Özellikle sanayi, teknoloji, enerji ve perakende sektörlerinde faaliyet gösteren uluslararası şirketler Türkiye'ye büyük yatırımlar yapmaya devam ediyor. Bu ay, Türkiye'ye yatırım yapan şirketleri, yatırımların etkilerini ve Türkiye'deki yatırım ortamını ekonomik açıdan değerlendiriyoruz. Birkaç örnekle başlayalım.
Son yıllarda Türkiye'ye yatırım yapan önde gelen şirketler şunlar arasında, Amazon, BP ve Coca-Cola dikkat çekenler arasında yer alıyor.

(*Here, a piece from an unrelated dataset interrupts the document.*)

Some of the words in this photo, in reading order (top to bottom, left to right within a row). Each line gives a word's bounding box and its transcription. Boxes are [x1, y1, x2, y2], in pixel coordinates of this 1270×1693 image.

Amazon 2018 yılında Türkiye pazarına girerek e-ticaret operasyonlarını başlattı. Sonrasında lojistik merkezleri ve istihdam olanakları ile ekonomiye katkı sağladı. E-ticaret harcamaları günden güne artarken, verdiği hizmet kalitesi, ürün çeşitliliği ve güven ile Amazon bu pastadan giderek daha çok pay alıyor.

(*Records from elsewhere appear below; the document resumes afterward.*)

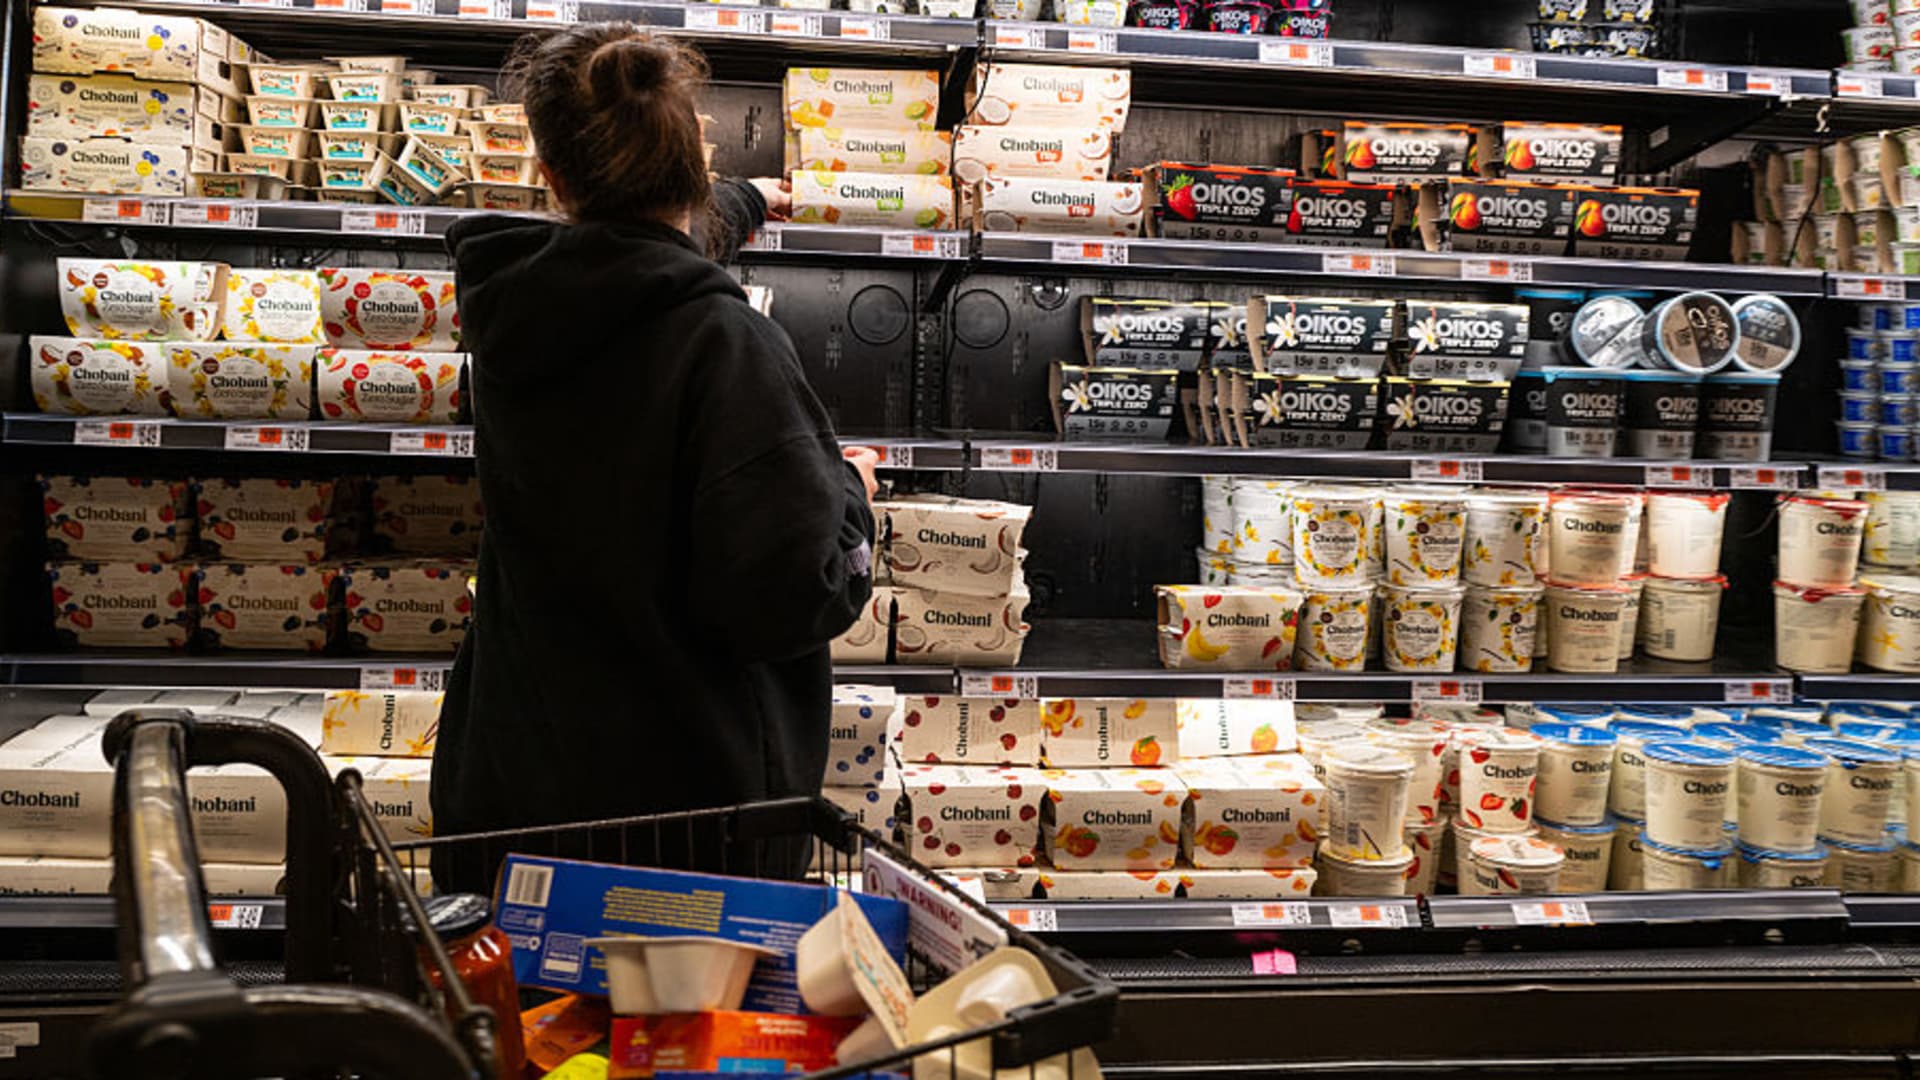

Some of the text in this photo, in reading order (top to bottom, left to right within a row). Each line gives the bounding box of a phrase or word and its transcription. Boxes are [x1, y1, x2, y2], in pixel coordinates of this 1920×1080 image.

[82, 24, 141, 40] Chobani
[833, 79, 893, 94] Chobani
[1023, 77, 1084, 92] Chobani
[79, 89, 138, 105] Chobani
[846, 140, 906, 154] Chobani
[1000, 139, 1063, 152] Chobani
[1371, 137, 1440, 158] OIKOS
[1529, 138, 1596, 159] OIKOS
[71, 151, 130, 167] Chobani
[840, 184, 904, 201] Chobani
[1031, 191, 1095, 207] Chobani
[1191, 182, 1265, 207] OIKOS
[1296, 197, 1367, 218] OIKOS
[1477, 197, 1547, 218] OIKOS
[1601, 204, 1671, 225] OIKOS
[100, 291, 153, 304] Chobani
[258, 299, 312, 311] Chobani
[362, 301, 419, 314] Chobani
[1120, 314, 1184, 333] OIKOS
[1296, 315, 1367, 335] OIKOS
[1436, 319, 1504, 339] OIKOS
[73, 368, 130, 383] Chobani
[211, 376, 268, 389] Chobani
[360, 382, 416, 394] Chobani
[1088, 382, 1153, 400] OIKOS
[1281, 391, 1351, 411] OIKOS
[1414, 396, 1482, 416] OIKOS
[1562, 393, 1617, 409] OIKOS
[1656, 396, 1697, 412] OIKO
[75, 505, 147, 523] Chobani
[227, 507, 296, 523] Chobani
[918, 529, 987, 549] Chobani
[83, 594, 157, 610] Chobani
[227, 595, 299, 612] Chobani
[375, 599, 444, 615] Chobani
[924, 610, 993, 627] Chobani
[1208, 613, 1270, 628] Chobani
[380, 694, 396, 750] Chobani
[957, 703, 969, 757] Chobani
[1098, 707, 1108, 760] Chobani
[0, 790, 80, 809] Chobani
[192, 796, 256, 813] hobani
[374, 800, 413, 817] bani
[941, 806, 1011, 821] Chobani
[1084, 809, 1152, 825] Chobani
[1222, 807, 1290, 823] Chobani
[896, 877, 963, 933] WARNING!

BP Türkiye'nin enerji sektöründeki potansiyelinden faydalanarak, petrol ve gaz altyapı projelerine önemli yatırımlar yaptı. Petrol Ofisi Grubu geçtiğimiz aylarda BP'nin Türkiye'deki akaryakıt ve terminal operasyonlarını satın alma sürecini tamamladığını duyurmuştu. Fakat BP Türkiye’den elini ayağını çekmedi. Hatta ürün gamında geniş pazar ağı olan Castrol markasına yatırımlarını artırarak, Avrupa, Orta Doğu ve Orta Asya'da ihracat kapasitesini yükseltti. Castrol'ün Avrupa ve Afrika'daki toplam 8 üretim tesisinden biri Gemlik'te yer alıyor.
Cola-Cola ise 2023 yılında yüzde 33'ü Türkiye operasyonlarına yönelik yapılan toplam yatırım harcamasının 6,1 milyar liraya ulaştığını açıklamıştı. 2024 yılında da global yatırımlarıyla büyüme kaydeden Cola-Cola 20 ülkede faaliyet gösteriyor ve 100 binin üzerinde çalışana sahip.

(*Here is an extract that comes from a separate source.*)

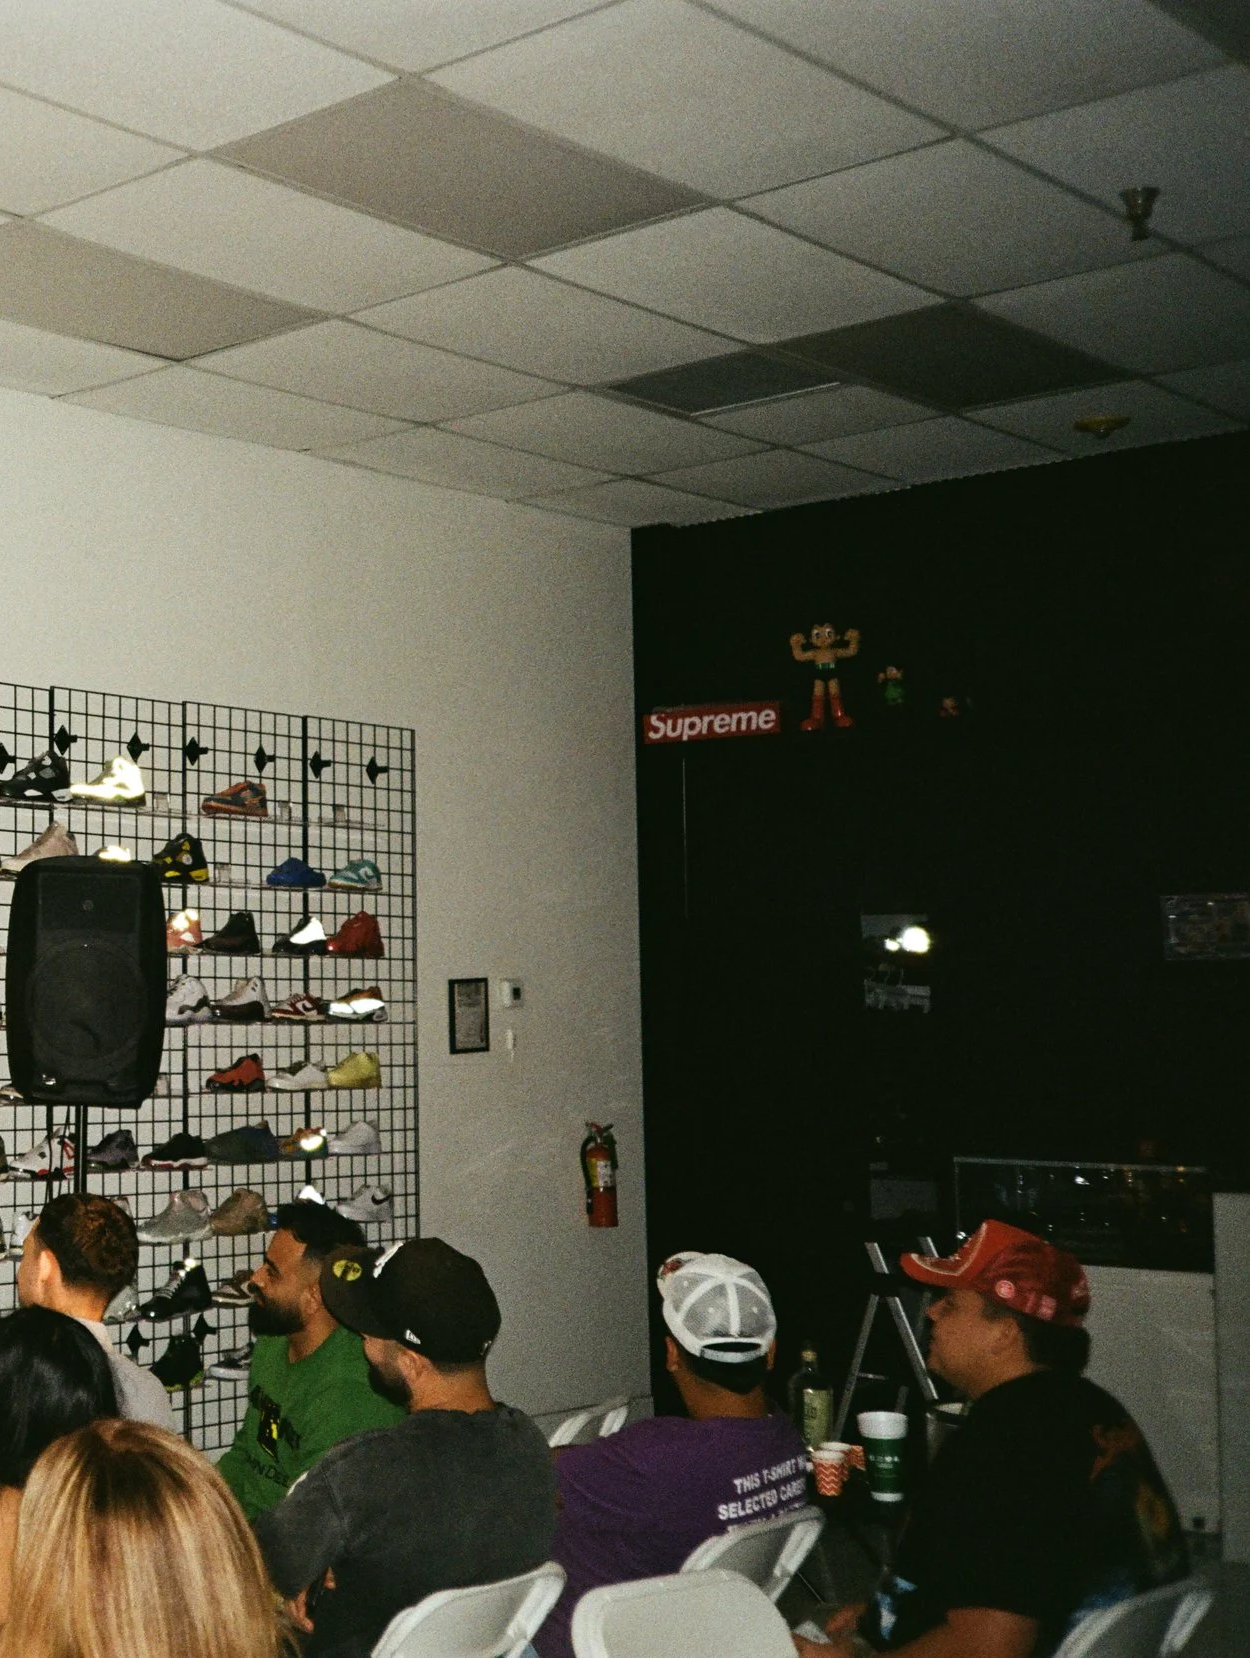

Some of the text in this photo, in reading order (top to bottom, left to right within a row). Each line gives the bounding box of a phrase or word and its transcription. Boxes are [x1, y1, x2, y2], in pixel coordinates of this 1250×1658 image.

[648, 709, 776, 741] Supreme
[733, 1472, 761, 1495] THIS
[762, 1458, 797, 1484] T-SHIRT
[717, 1488, 779, 1521] SELECTED

Türkiye'nin stratejik konumu, şirketlerin Orta Doğu, Avrupa ve Asya pazarlarına ulaşımını kolaylaştırıyor. Yerel üretim ve işgücü maliyetlerindeki rekabet avantajı, kârlılığı arttırırken diğer yandan yaklaşık 85 milyonluk nüfusu, artan orta sınıf ve güçlenen tüketim alışkanlıkları ile cazip bir pazar oluşturuyor.
Yatırım teşvikleri, vergi avantajları ve serbest bölgeler aracılığıyla yabancı yatırımları destekleyen politikaların sürekliliği de yabancıların Türkiye’ye yatırımları için önemli bir neden oluşturuyor.
2024 Yılının son aylarında faiz indirimi gerçekleştiren Türkiye Cumhuriyet Merkez Bankası (TCMB)’nın 2025 yılında da faiz indirim politikasına devam etmesi bekleniyor. Daha ucuz kredi imkanları sunularak yerli ve yabancı şirketlerin finansman maliyetleri azalabilir. Ekonomide canlanma ve üretim artışına önayak olabilir.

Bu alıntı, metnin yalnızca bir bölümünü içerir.